HARO SUR LES CELLULES ! C'est ainsi que l'on peut résumer l'état d'esprit qui règne dans les régions, à l'Institut de l'élevage et à Paris au niveau des trois familles de l'interprofession laitière. Face à la dégradation des résultats cellulaires, l'Institut de l'élevage (Idele) et le Cniel se sont retroussé les manches pour en mesurer véritablement l'ampleur. Les deux partenaires se sont penchés sur les comptages cellulaires des vaches au contrôle laitier (comptages cellulaires individuels) enregistrés de 2000 à 2011. Ils en ont publié les résultats l'an passé. Que constatent-ils ? « L'année 2005 marque un coup d'arrêt à la diminution régulière des concentrations cellulaires. À partir de là, la situation se dégrade, avec une stabilisation ces dernières années mais au-delà du niveau de 2000. » L'analyse s'appuyant sur les laits des vaches contrôlées et non des tanks, on pouvait espérer ne pas retrouver ces résultats sur les livraisons aux laiteries, après le tri du lait par les éleveurs. Eh bien non ! Les concentrations cellulaires françaises de 1994 à 2010 confirment l'amélioration progressive jusqu'en 2005, puis un rebond à la hausse et une stabilisation. « Toutes les régions sont concernées par cette évolution, même celles très à la pointe sur ce sujet, comme la Franche-Comté ou la Bretagne », indique Philippe Roussel, le « Monsieur cellules et mammites » de l'Institut de l'élevage. L'étude ne mentionne pas le positionnement de chaque région. « Là n'est pas l'essentiel, indique Nadine Ballot, en charge de ce dossier au Cniel. Quelle que soit leur situation initiale, elles sont toutes confrontées à une aggravation de leurs taux cellulaires. »

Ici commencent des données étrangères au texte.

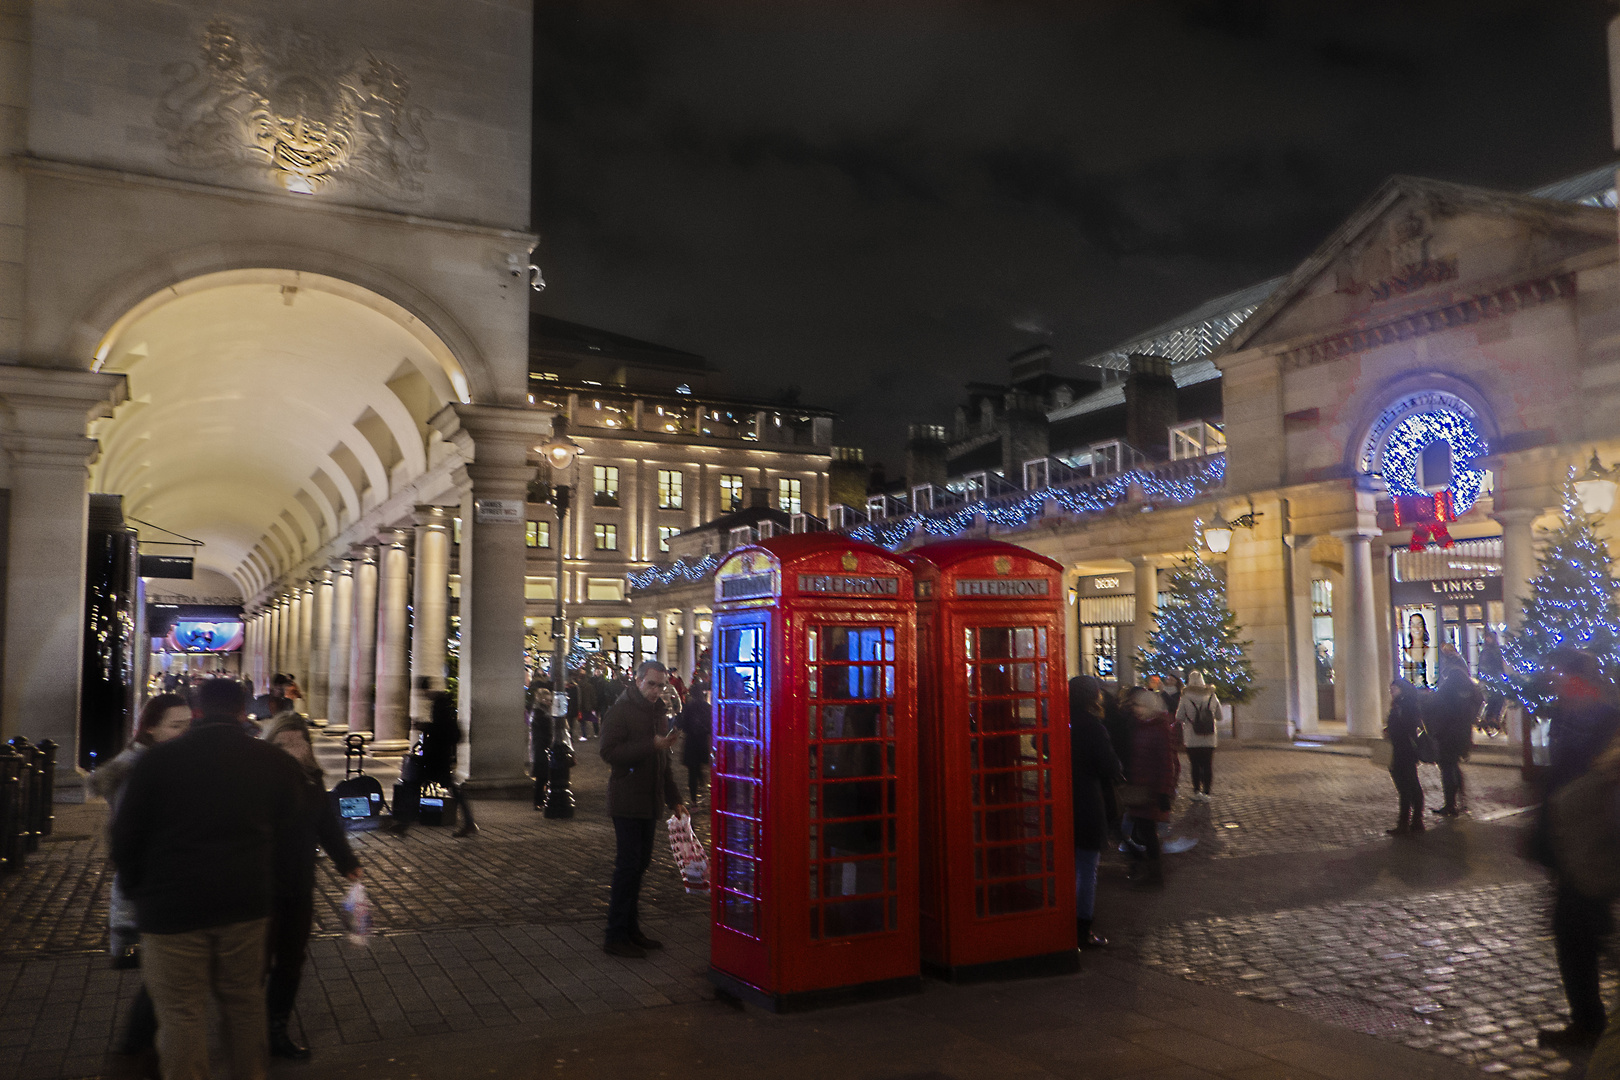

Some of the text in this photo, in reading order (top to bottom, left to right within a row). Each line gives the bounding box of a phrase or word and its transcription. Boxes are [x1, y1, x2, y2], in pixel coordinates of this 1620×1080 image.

[725, 577, 770, 593] TELEPHON
[800, 576, 894, 595] TELEPHONE
[960, 580, 1046, 596] TELEPHONE
[1432, 579, 1486, 593] LINKS
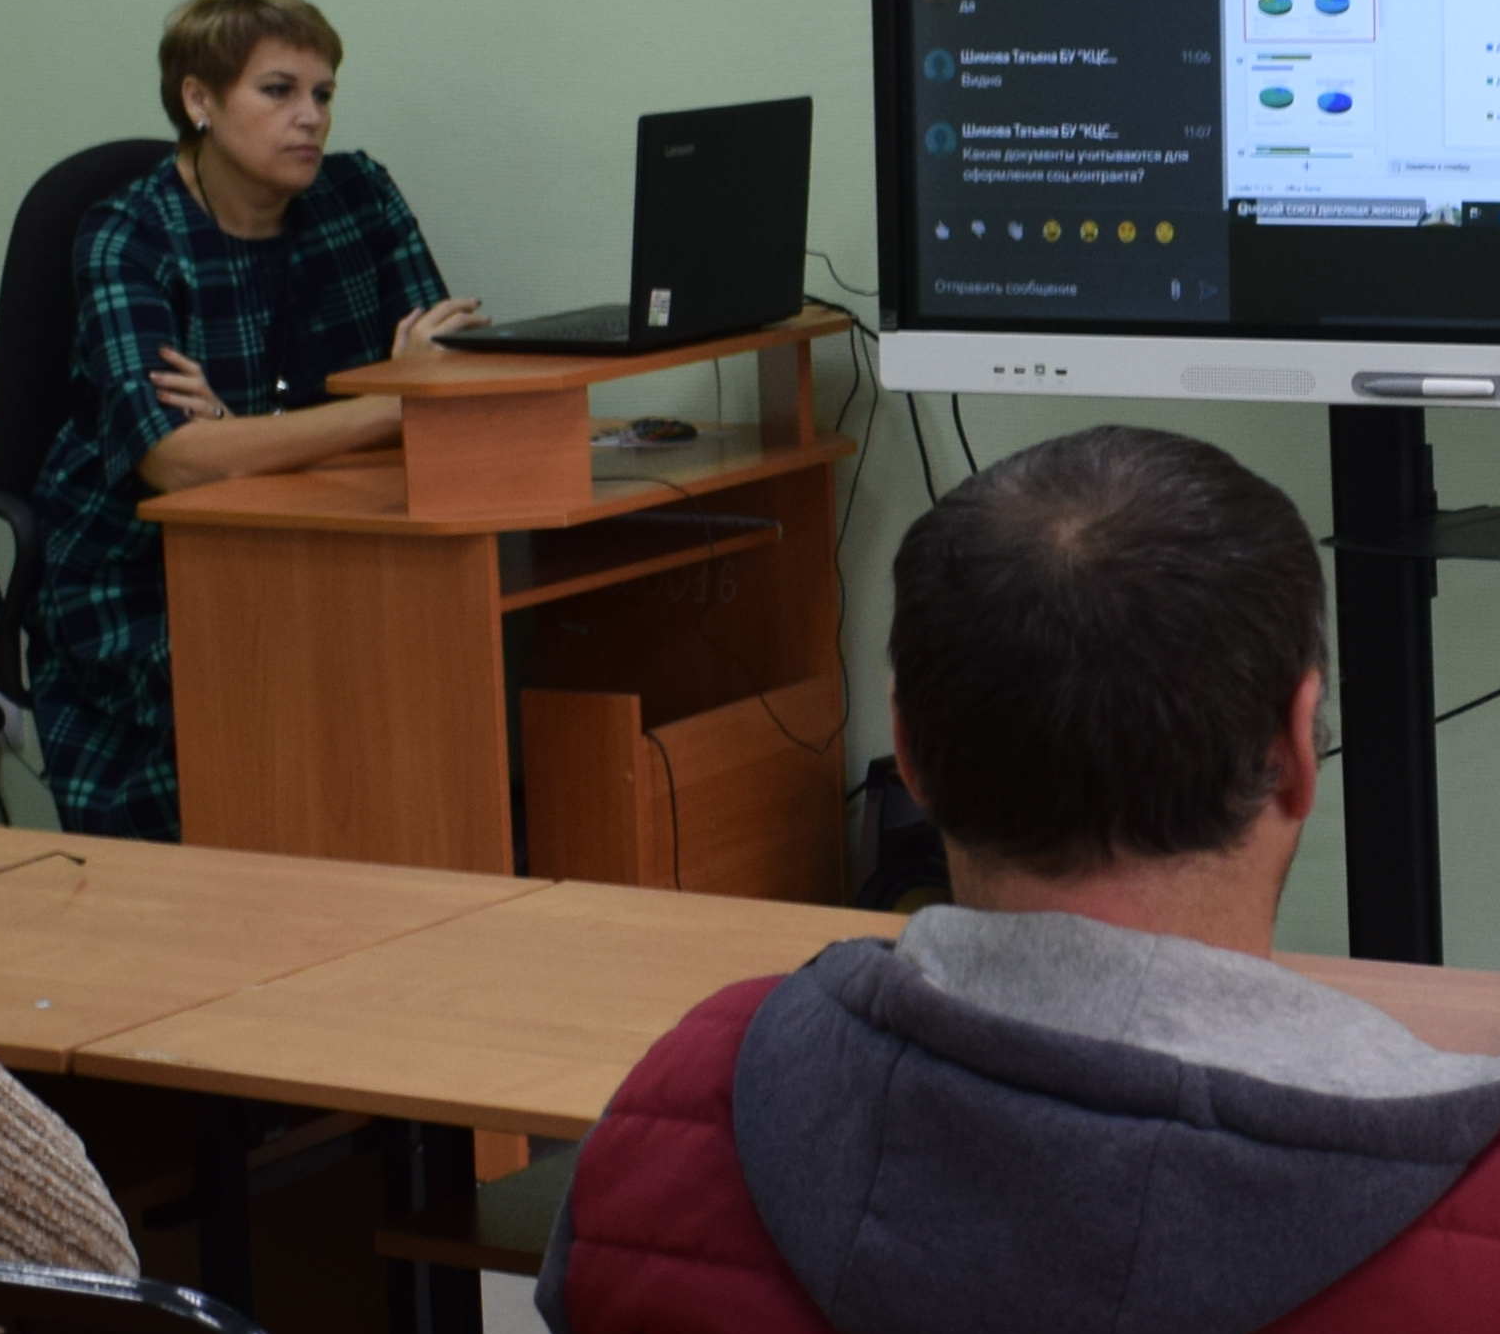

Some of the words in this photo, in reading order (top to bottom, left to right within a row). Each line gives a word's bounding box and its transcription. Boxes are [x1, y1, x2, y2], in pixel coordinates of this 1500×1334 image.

[1003, 147, 1076, 166] документы
[933, 278, 1004, 297] Отправить
[1004, 278, 1079, 297] сообщение
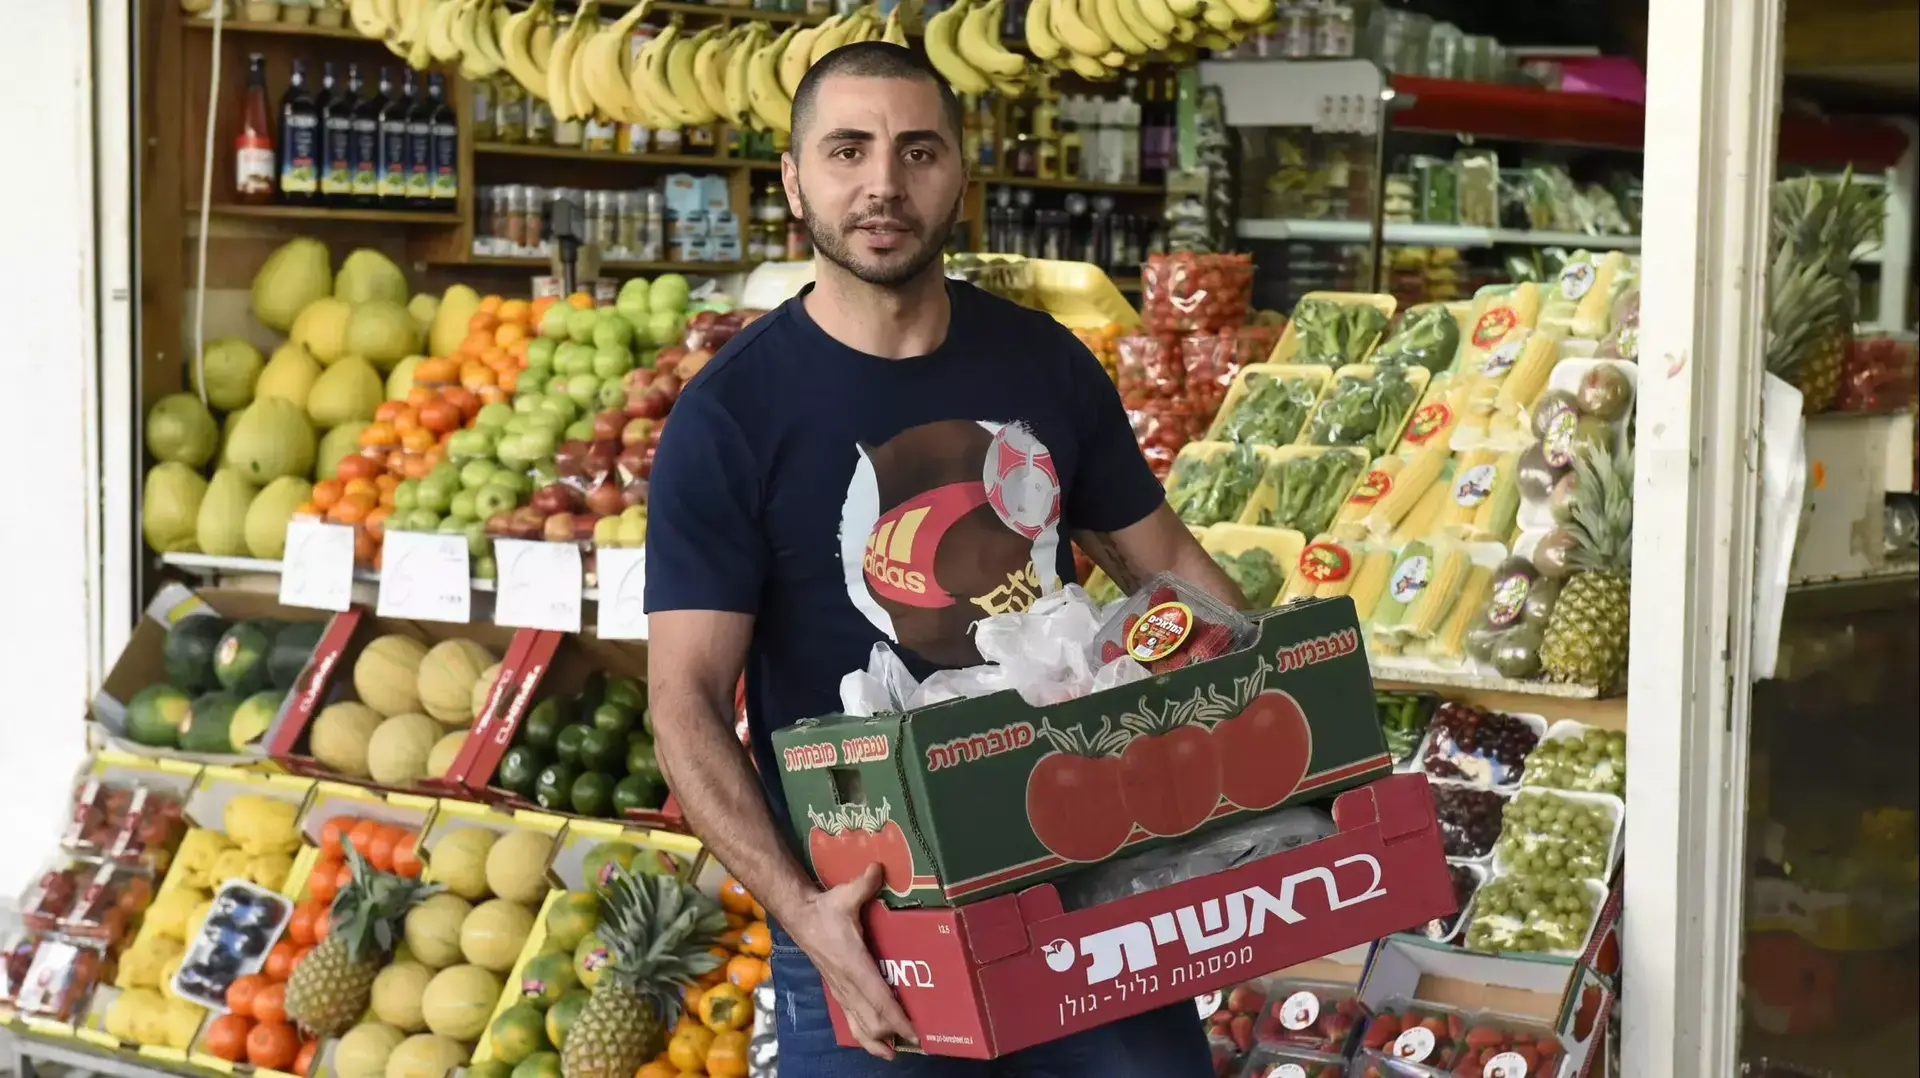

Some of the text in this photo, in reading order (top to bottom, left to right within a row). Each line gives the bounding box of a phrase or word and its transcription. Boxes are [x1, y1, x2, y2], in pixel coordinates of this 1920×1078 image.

[864, 550, 926, 594] didas
[1276, 627, 1358, 673] עגבניות
[784, 735, 889, 771] עגבניות מובחרות
[926, 721, 1035, 771] מובחרות
[1080, 853, 1387, 985] בראשית
[879, 959, 934, 987] בראש
[1171, 945, 1253, 986] מפסגות
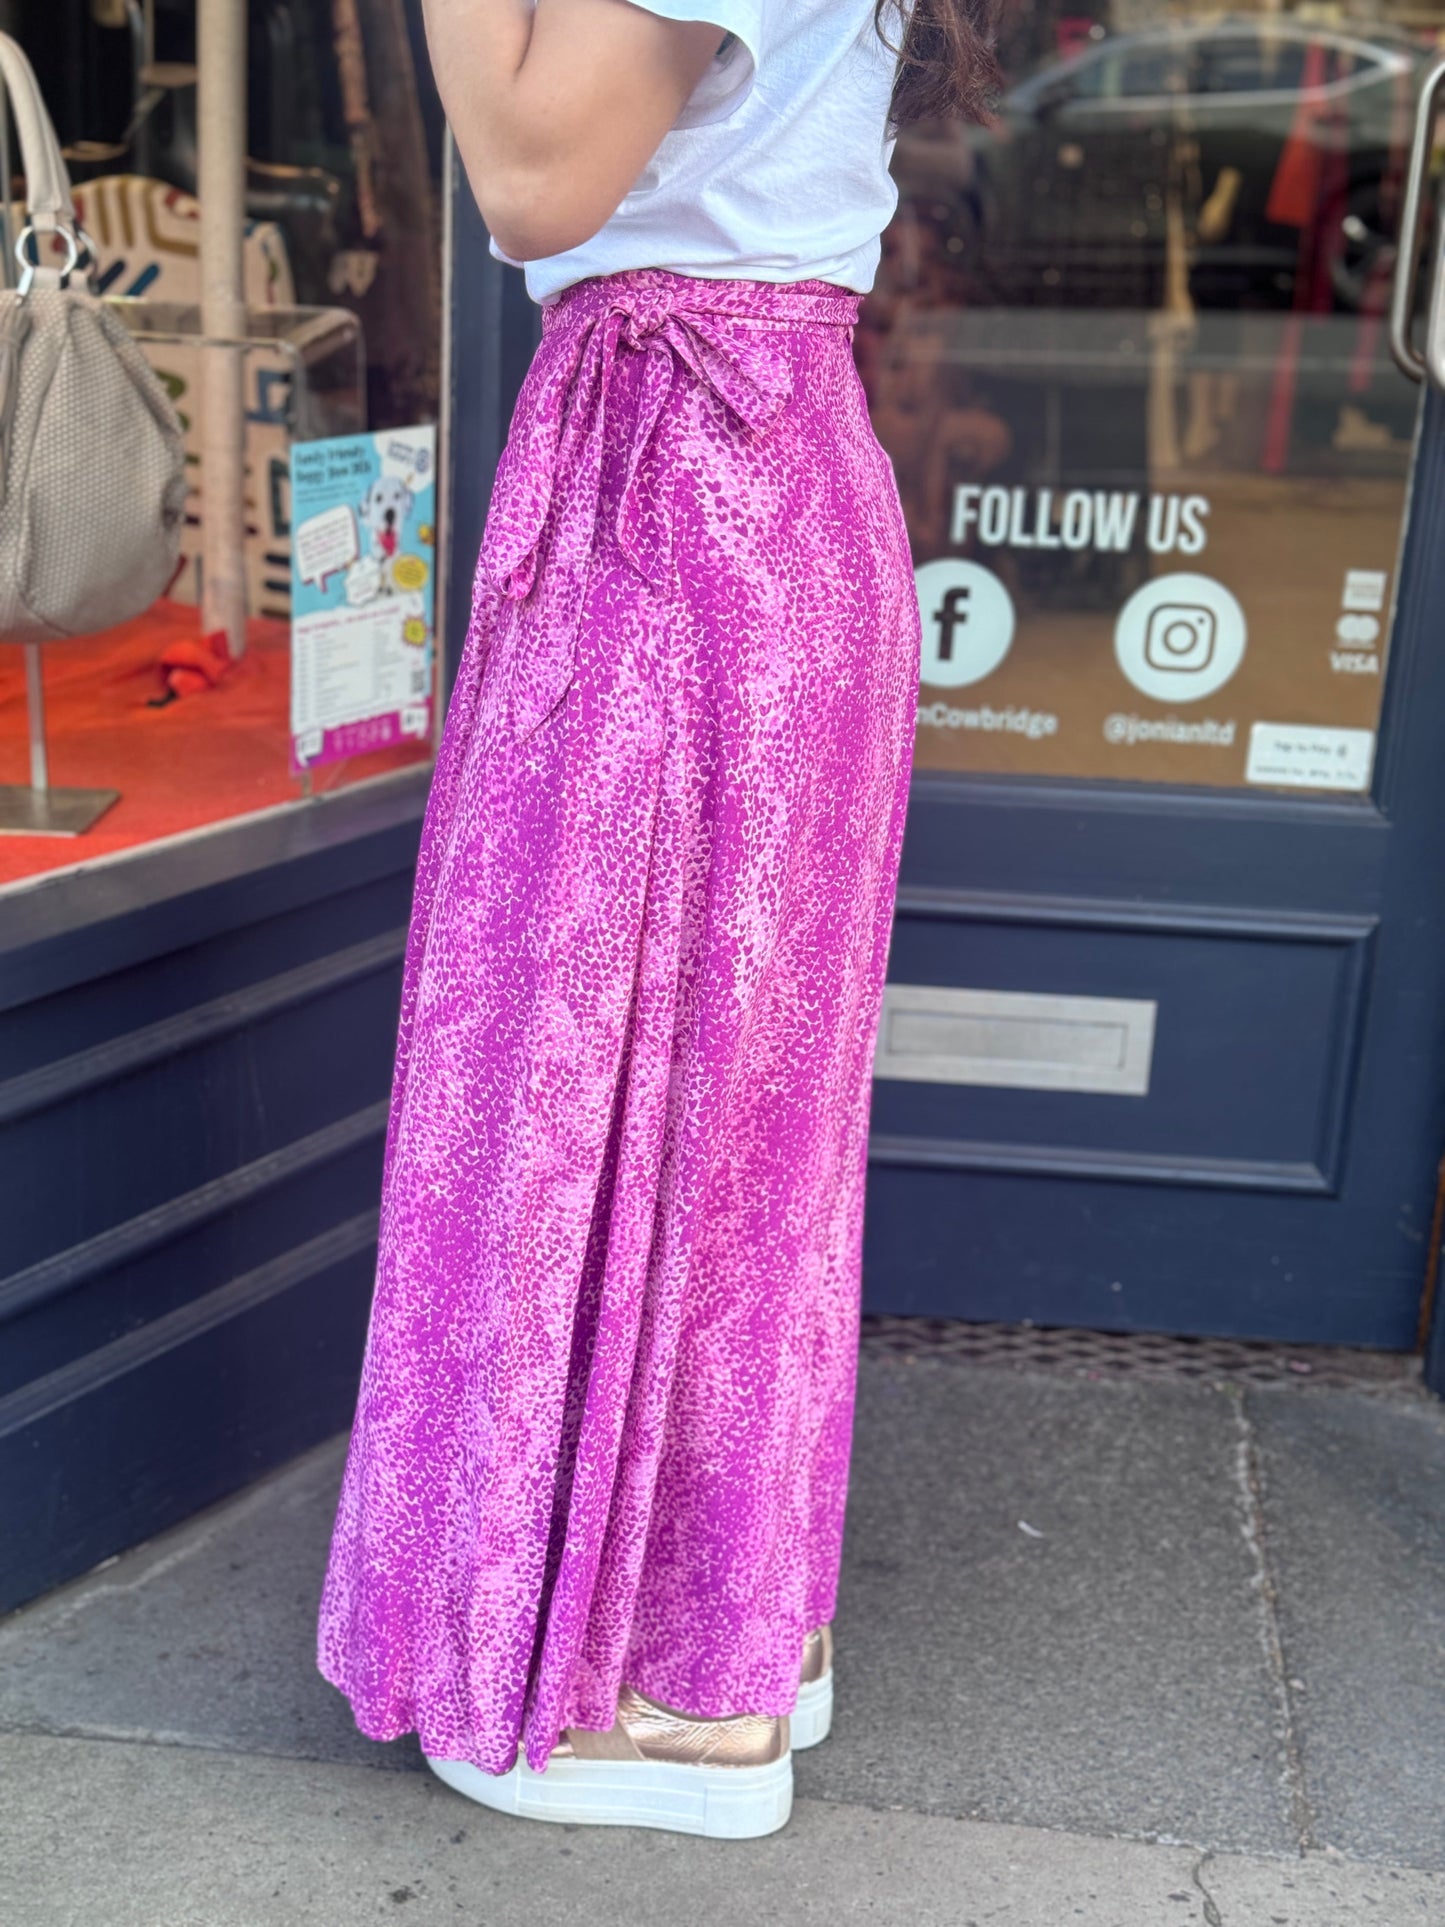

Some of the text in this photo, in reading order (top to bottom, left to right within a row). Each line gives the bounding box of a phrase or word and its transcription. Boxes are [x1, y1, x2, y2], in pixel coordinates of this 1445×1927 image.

[952, 484, 1210, 554] FOLLOW US
[1329, 650, 1379, 673] VISA
[916, 702, 1058, 739] nCowbridge

UN PLAN NATIONAL LANCÉ EN AVRIL
La filière laitière et les partenaires que sont l'Institut de l'élevage, les GDS, les vétérinaires, les contrôles laitiers, etc. sont actuellement autour de la table pour définir un plan d'actions articulé autour de la formation et de l'information des éleveurs. Des outils pour la prévention et le soin des mammites seront également proposés aux intervenants. Ce plan sera national et devrait être lancé en avril. « Il faut remobiliser tous les acteurs autour de cette thématique, insiste Nadine Ballot. Le dernier plan d'envergure, "Top lait", date de vingt ans. »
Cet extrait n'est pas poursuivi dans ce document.